*** Block opens ***
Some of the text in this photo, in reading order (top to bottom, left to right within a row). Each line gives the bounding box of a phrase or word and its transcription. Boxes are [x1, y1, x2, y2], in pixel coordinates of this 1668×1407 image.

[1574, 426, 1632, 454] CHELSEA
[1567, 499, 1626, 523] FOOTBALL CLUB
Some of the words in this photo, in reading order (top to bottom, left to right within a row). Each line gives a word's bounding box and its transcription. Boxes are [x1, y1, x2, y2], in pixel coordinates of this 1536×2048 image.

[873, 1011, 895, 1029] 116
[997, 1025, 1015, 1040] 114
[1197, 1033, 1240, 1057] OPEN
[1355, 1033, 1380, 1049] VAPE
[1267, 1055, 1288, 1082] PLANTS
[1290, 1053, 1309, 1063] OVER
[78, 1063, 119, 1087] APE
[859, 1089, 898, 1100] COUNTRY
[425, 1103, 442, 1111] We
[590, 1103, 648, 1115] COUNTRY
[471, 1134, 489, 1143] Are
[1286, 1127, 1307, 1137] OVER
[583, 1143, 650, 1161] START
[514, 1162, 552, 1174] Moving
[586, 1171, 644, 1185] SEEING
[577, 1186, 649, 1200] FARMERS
*** Block closes ***
▶ Goal of the exercise
Please output the full listing one more time, exactly.

▶ The completed task
Some of the text in this photo, in reading order (top to bottom, left to right within a row). Each line gives the bounding box of a phrase or word and its transcription. Boxes are [x1, y1, x2, y2], in pixel coordinates of this 1668×1407 image.

[1574, 426, 1632, 454] CHELSEA
[1567, 499, 1626, 523] FOOTBALL CLUB
Some of the words in this photo, in reading order (top to bottom, left to right within a row). Each line gives a word's bounding box and its transcription. Boxes are [x1, y1, x2, y2], in pixel coordinates of this 1536×2048 image.

[873, 1011, 895, 1029] 116
[997, 1025, 1015, 1040] 114
[1197, 1033, 1240, 1057] OPEN
[1355, 1033, 1380, 1049] VAPE
[1267, 1055, 1288, 1082] PLANTS
[1290, 1053, 1309, 1063] OVER
[78, 1063, 119, 1087] APE
[859, 1089, 898, 1100] COUNTRY
[425, 1103, 442, 1111] We
[590, 1103, 648, 1115] COUNTRY
[471, 1134, 489, 1143] Are
[1286, 1127, 1307, 1137] OVER
[583, 1143, 650, 1161] START
[514, 1162, 552, 1174] Moving
[586, 1171, 644, 1185] SEEING
[577, 1186, 649, 1200] FARMERS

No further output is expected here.